Print the entries below word for word; the pictures stay out of your copy.

===== Records for this task =====

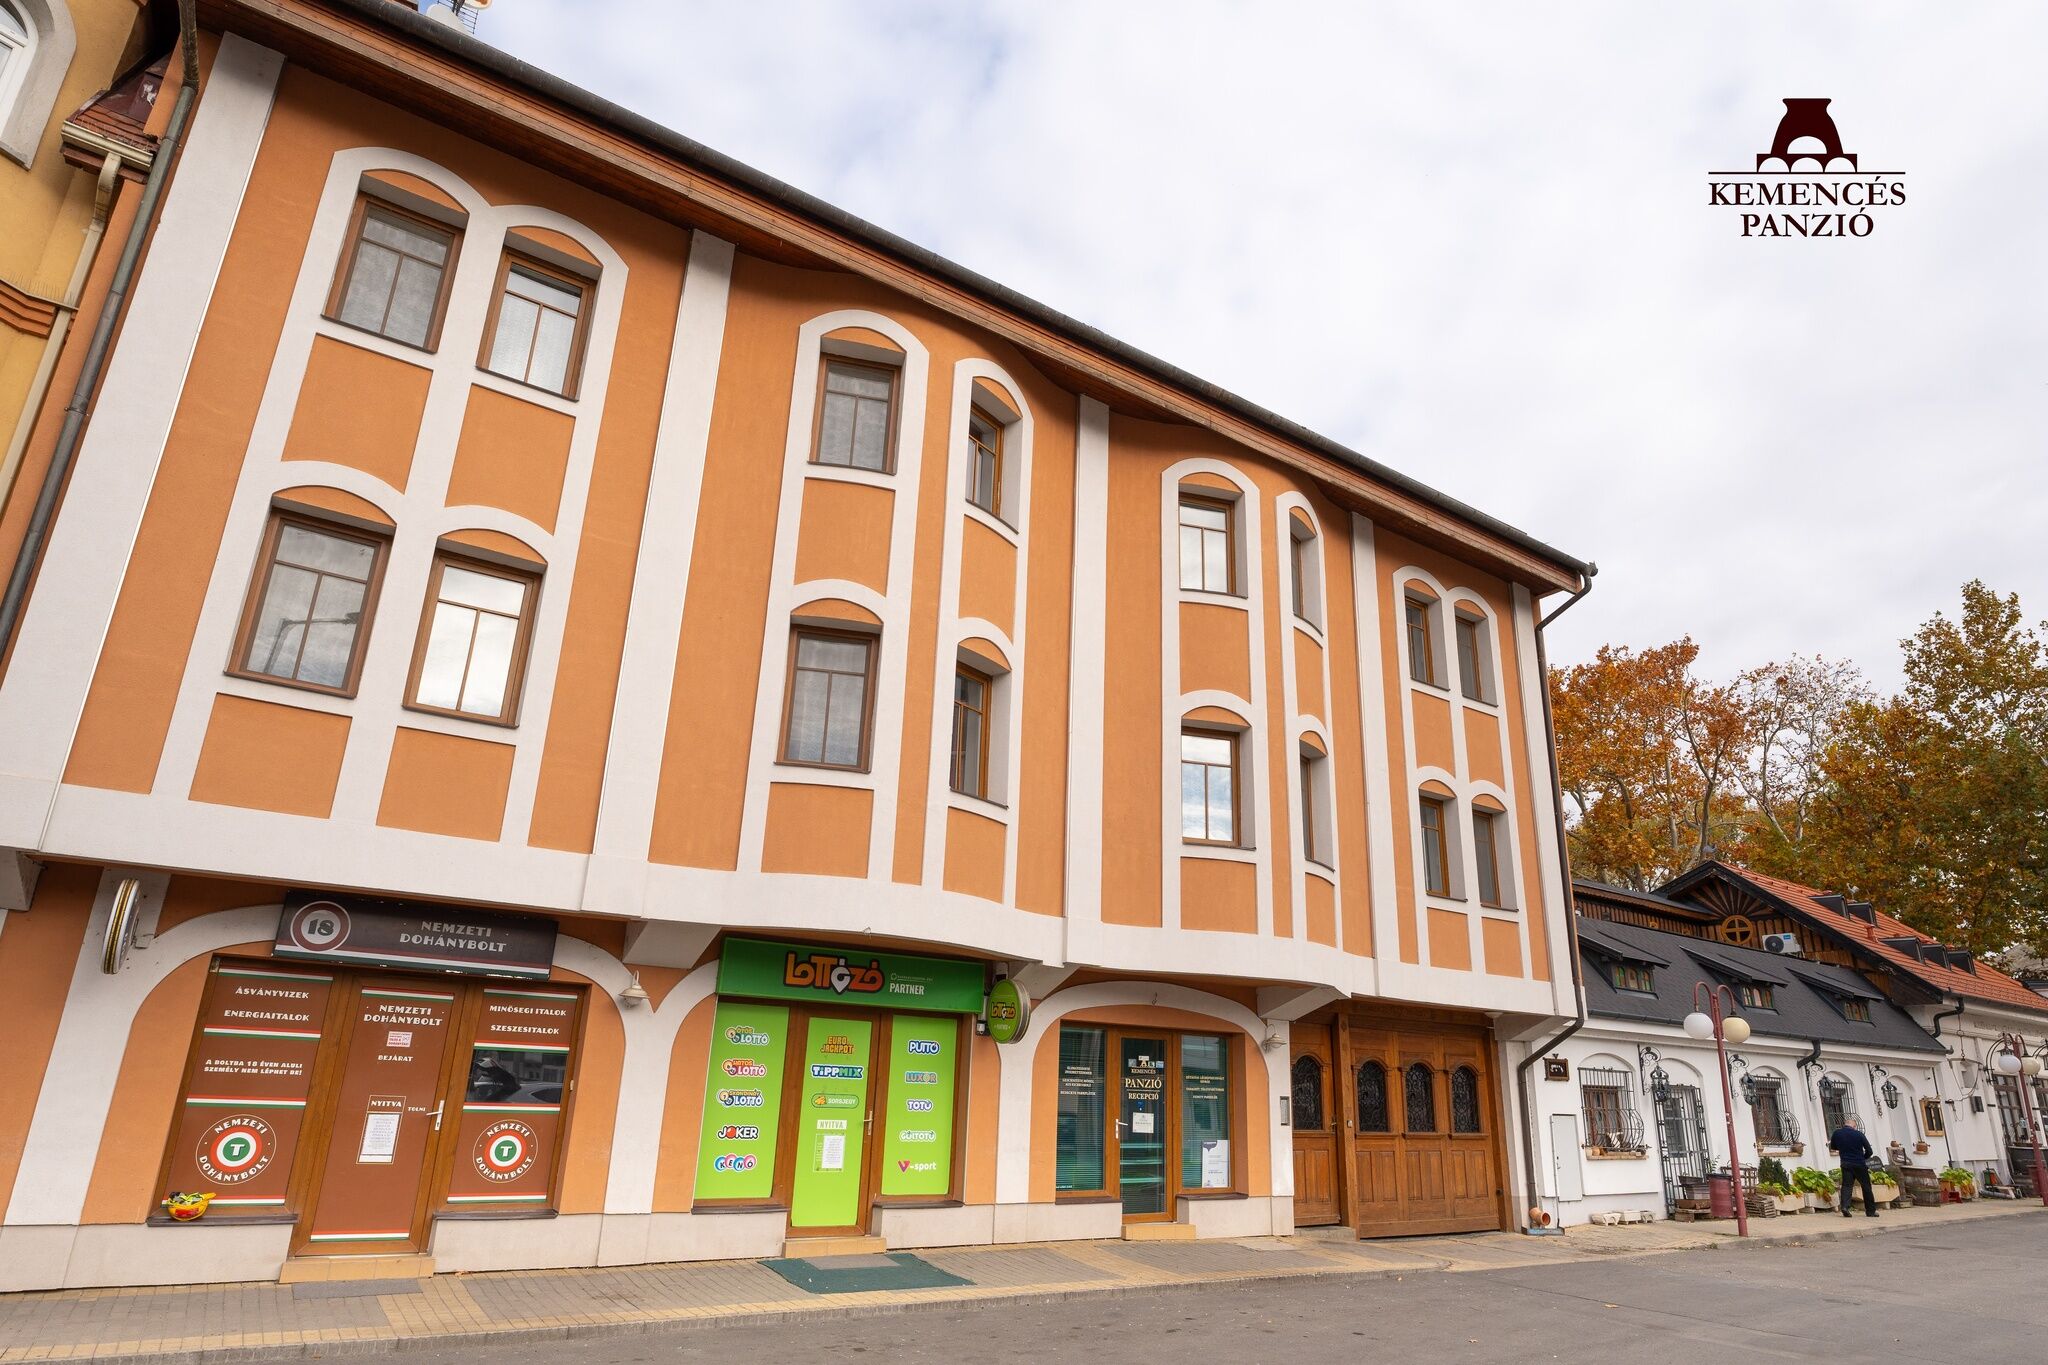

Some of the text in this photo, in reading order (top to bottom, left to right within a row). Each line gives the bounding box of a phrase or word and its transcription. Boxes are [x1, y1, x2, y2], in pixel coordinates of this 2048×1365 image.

[307, 919, 335, 936] 18
[421, 920, 492, 937] NEMZETI
[400, 933, 507, 953] DOHÁNYBOLT
[235, 986, 309, 999] ÁSVÁNYVIZEK
[889, 982, 925, 995] PARTNER
[224, 1009, 310, 1021] ENERGIAITALOK
[379, 1005, 432, 1015] NEMZETI
[535, 1008, 567, 1016] ITALOK
[363, 1014, 443, 1026] DOHÁNYBOLT
[490, 1024, 560, 1035] SZESZESITALOK
[740, 1034, 769, 1045] LOTTÓ
[828, 1036, 848, 1045] EURO
[821, 1045, 853, 1054] JACKPOT
[378, 1054, 413, 1062] BEJÁRAT
[738, 1066, 766, 1076] LOTTÓ
[906, 1073, 937, 1082] LUXOR
[1125, 1077, 1162, 1089] PANZIÓ
[734, 1095, 763, 1105] LOTTÓ
[1128, 1091, 1159, 1099] RECEPCIÓ
[214, 1118, 268, 1134] NEMZETI
[486, 1123, 530, 1137] NEMZETI
[718, 1126, 758, 1139] JOKER
[230, 1143, 245, 1157] T
[500, 1146, 513, 1157] T
[200, 1155, 269, 1181] DOHÁNYBOLT
[476, 1156, 532, 1179] DOHÁNYBOLT
[717, 1157, 755, 1170] KENÓ
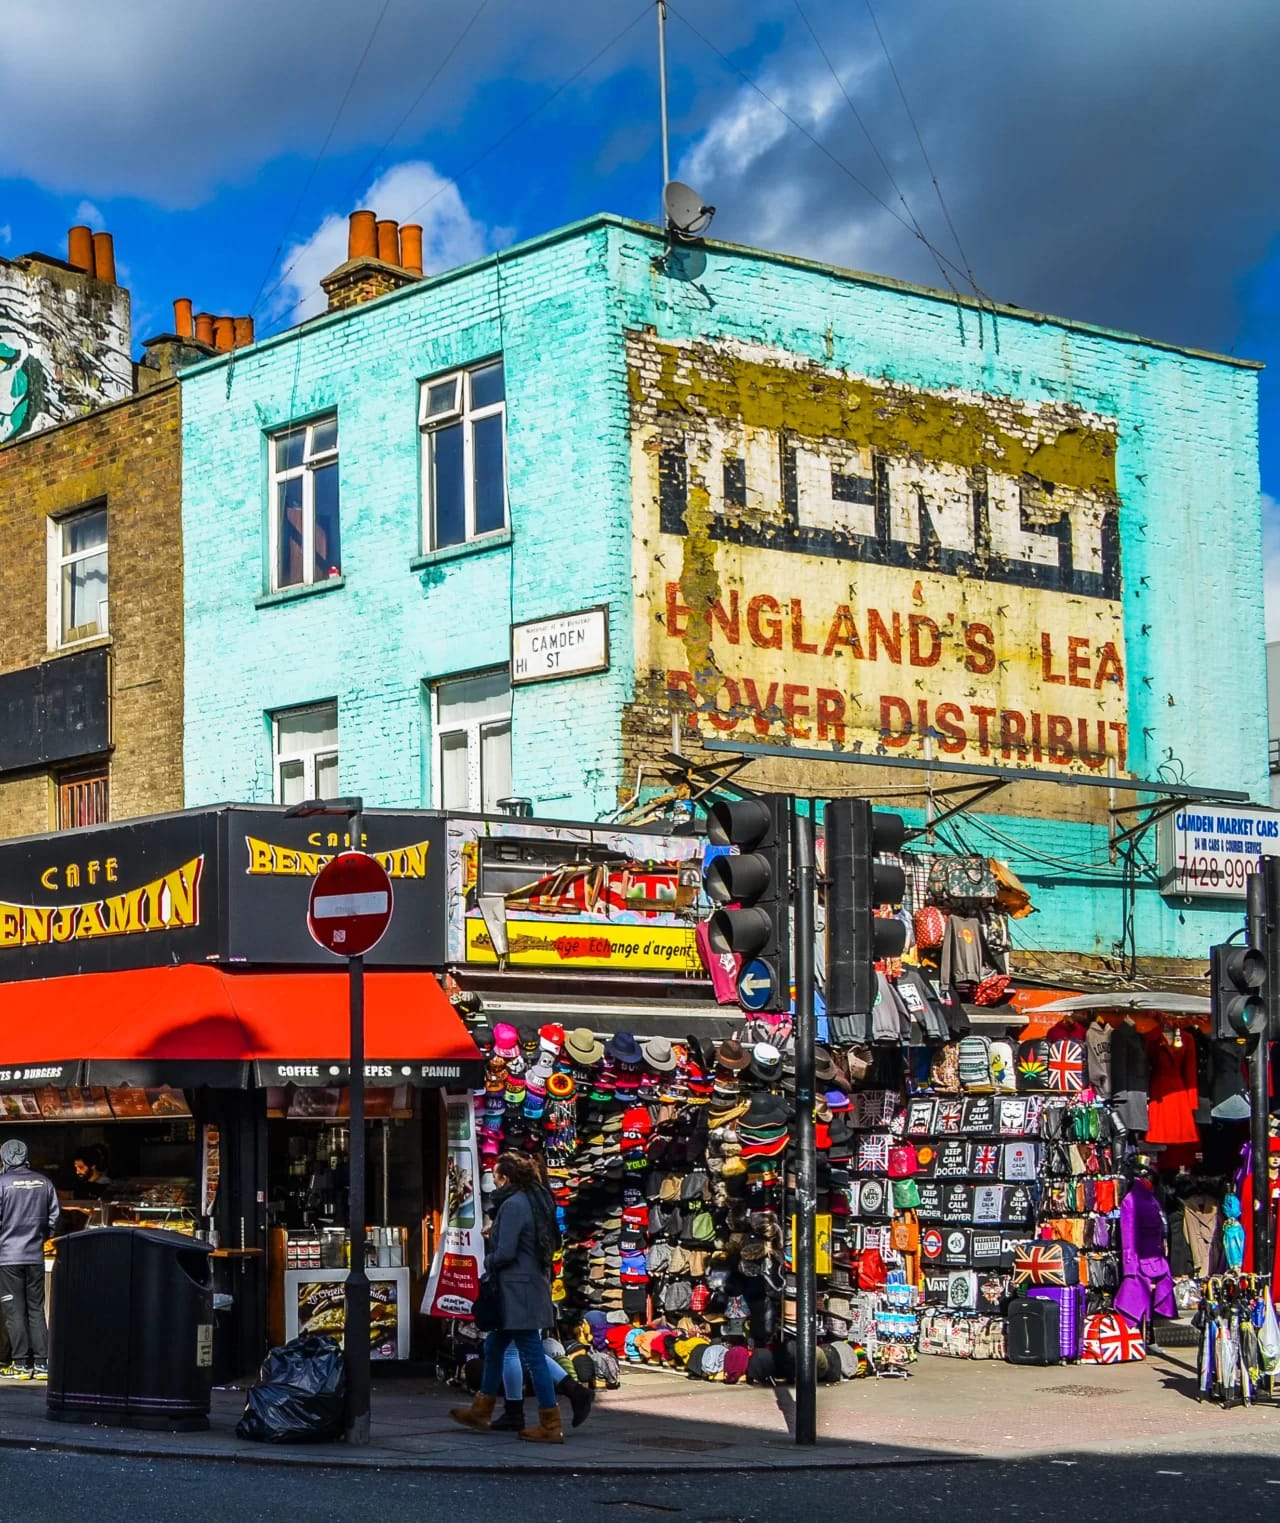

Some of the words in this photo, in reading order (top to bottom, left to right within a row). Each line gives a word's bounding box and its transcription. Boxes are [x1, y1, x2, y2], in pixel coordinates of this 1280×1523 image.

[665, 580, 996, 676] ENGLAND'S
[531, 628, 585, 653] CAMDEN
[546, 651, 561, 668] ST
[1177, 813, 1214, 833] CAMDEN
[1217, 817, 1254, 836] MARKET
[1256, 820, 1279, 837] CARS
[40, 857, 119, 890] CAFE
[1179, 855, 1220, 887] 7428
[589, 938, 640, 958] Echange
[643, 941, 692, 961] d'argent
[23, 1067, 63, 1079] BURGERS
[278, 1066, 320, 1077] COFFEE
[422, 1066, 461, 1077] PANINI
[969, 1113, 990, 1121] CALM
[962, 1124, 993, 1132] ARCHITECT
[626, 1159, 649, 1169] YOLO
[942, 1155, 962, 1163] CALM
[936, 1167, 968, 1176] DOCTOR
[921, 1197, 938, 1205] CALM
[948, 1201, 968, 1209] CALM
[944, 1213, 971, 1221] LAWYER
[926, 1277, 948, 1291] VAN
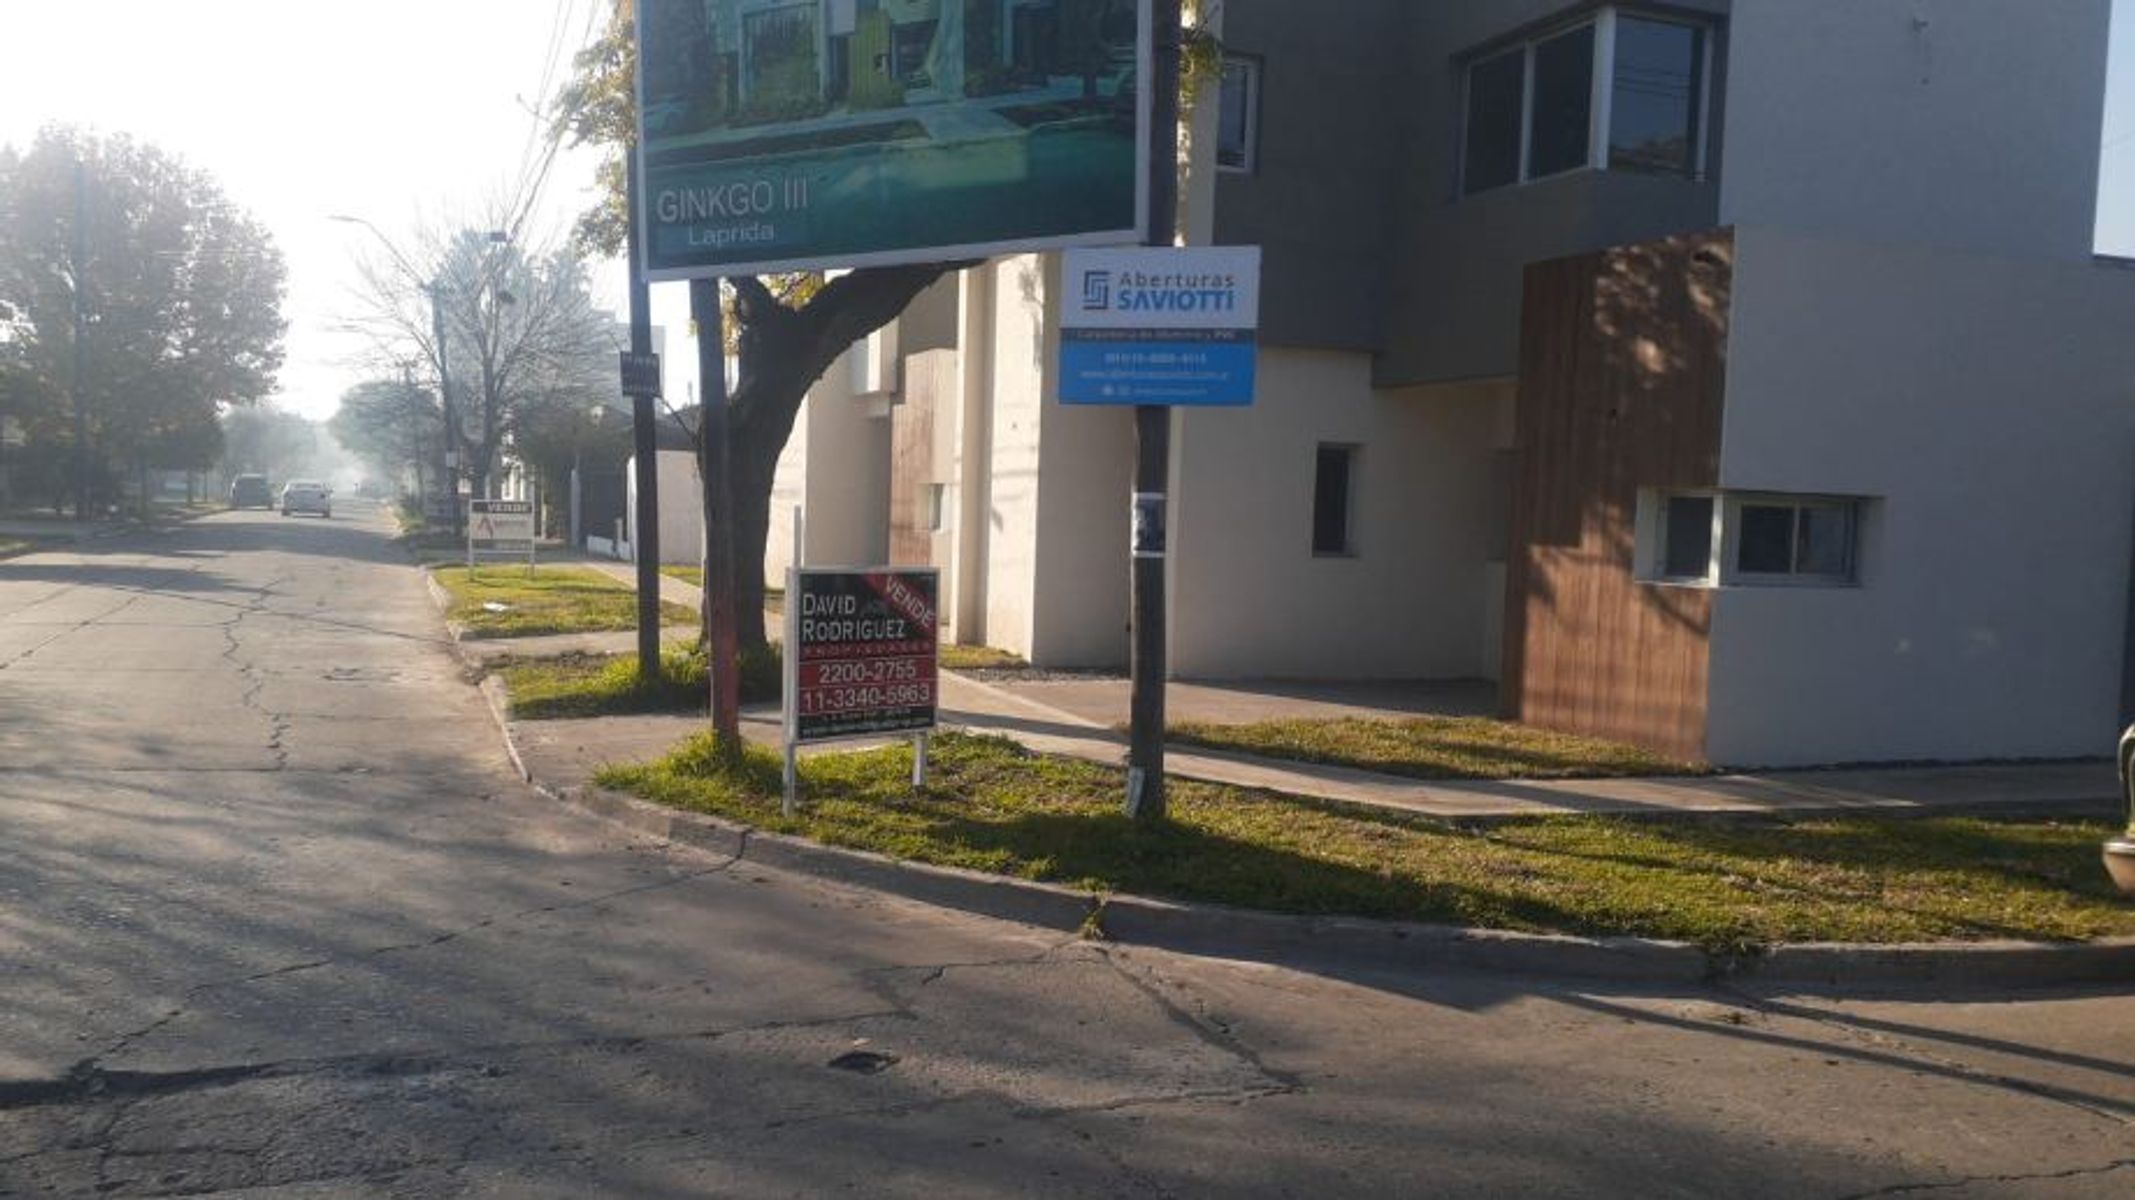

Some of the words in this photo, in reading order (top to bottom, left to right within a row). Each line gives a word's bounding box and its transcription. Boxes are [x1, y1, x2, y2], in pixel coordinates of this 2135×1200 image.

=====

Output of the task —
Some of the text in this photo, in reading order (top to bottom, left to right within a row). Each line gives the bounding box of a phrase or word and its transcription. Boxes are [x1, y1, x2, y2], in pixel coordinates of this 2048×1365 image.

[307, 919, 335, 936] 18
[421, 920, 492, 937] NEMZETI
[400, 933, 507, 953] DOHÁNYBOLT
[235, 986, 309, 999] ÁSVÁNYVIZEK
[889, 982, 925, 995] PARTNER
[224, 1009, 310, 1021] ENERGIAITALOK
[379, 1005, 432, 1015] NEMZETI
[535, 1008, 567, 1016] ITALOK
[363, 1014, 443, 1026] DOHÁNYBOLT
[490, 1024, 560, 1035] SZESZESITALOK
[740, 1034, 769, 1045] LOTTÓ
[828, 1036, 848, 1045] EURO
[821, 1045, 853, 1054] JACKPOT
[378, 1054, 413, 1062] BEJÁRAT
[738, 1066, 766, 1076] LOTTÓ
[906, 1073, 937, 1082] LUXOR
[1125, 1077, 1162, 1089] PANZIÓ
[734, 1095, 763, 1105] LOTTÓ
[1128, 1091, 1159, 1099] RECEPCIÓ
[214, 1118, 268, 1134] NEMZETI
[486, 1123, 530, 1137] NEMZETI
[718, 1126, 758, 1139] JOKER
[230, 1143, 245, 1157] T
[500, 1146, 513, 1157] T
[200, 1155, 269, 1181] DOHÁNYBOLT
[476, 1156, 532, 1179] DOHÁNYBOLT
[717, 1157, 755, 1170] KENÓ

Some of the words in this photo, in reading order (top to bottom, left to right within a row). Each line gives a word's bounding box and its transcription. Boxes are [x1, y1, x2, y2], in pixel coordinates of this 1280×1523 image.

[665, 580, 996, 676] ENGLAND'S
[531, 628, 585, 653] CAMDEN
[546, 651, 561, 668] ST
[1177, 813, 1214, 833] CAMDEN
[1217, 817, 1254, 836] MARKET
[1256, 820, 1279, 837] CARS
[40, 857, 119, 890] CAFE
[1179, 855, 1220, 887] 7428
[589, 938, 640, 958] Echange
[643, 941, 692, 961] d'argent
[23, 1067, 63, 1079] BURGERS
[278, 1066, 320, 1077] COFFEE
[422, 1066, 461, 1077] PANINI
[969, 1113, 990, 1121] CALM
[962, 1124, 993, 1132] ARCHITECT
[626, 1159, 649, 1169] YOLO
[942, 1155, 962, 1163] CALM
[936, 1167, 968, 1176] DOCTOR
[921, 1197, 938, 1205] CALM
[948, 1201, 968, 1209] CALM
[944, 1213, 971, 1221] LAWYER
[926, 1277, 948, 1291] VAN

Some of the words in this photo, in reading order (top to bottom, left to right within a row). Each line gives a word's bounding box and its transcription. Boxes are [x1, y1, x2, y2], in pixel coordinates of this 2135×1200 image.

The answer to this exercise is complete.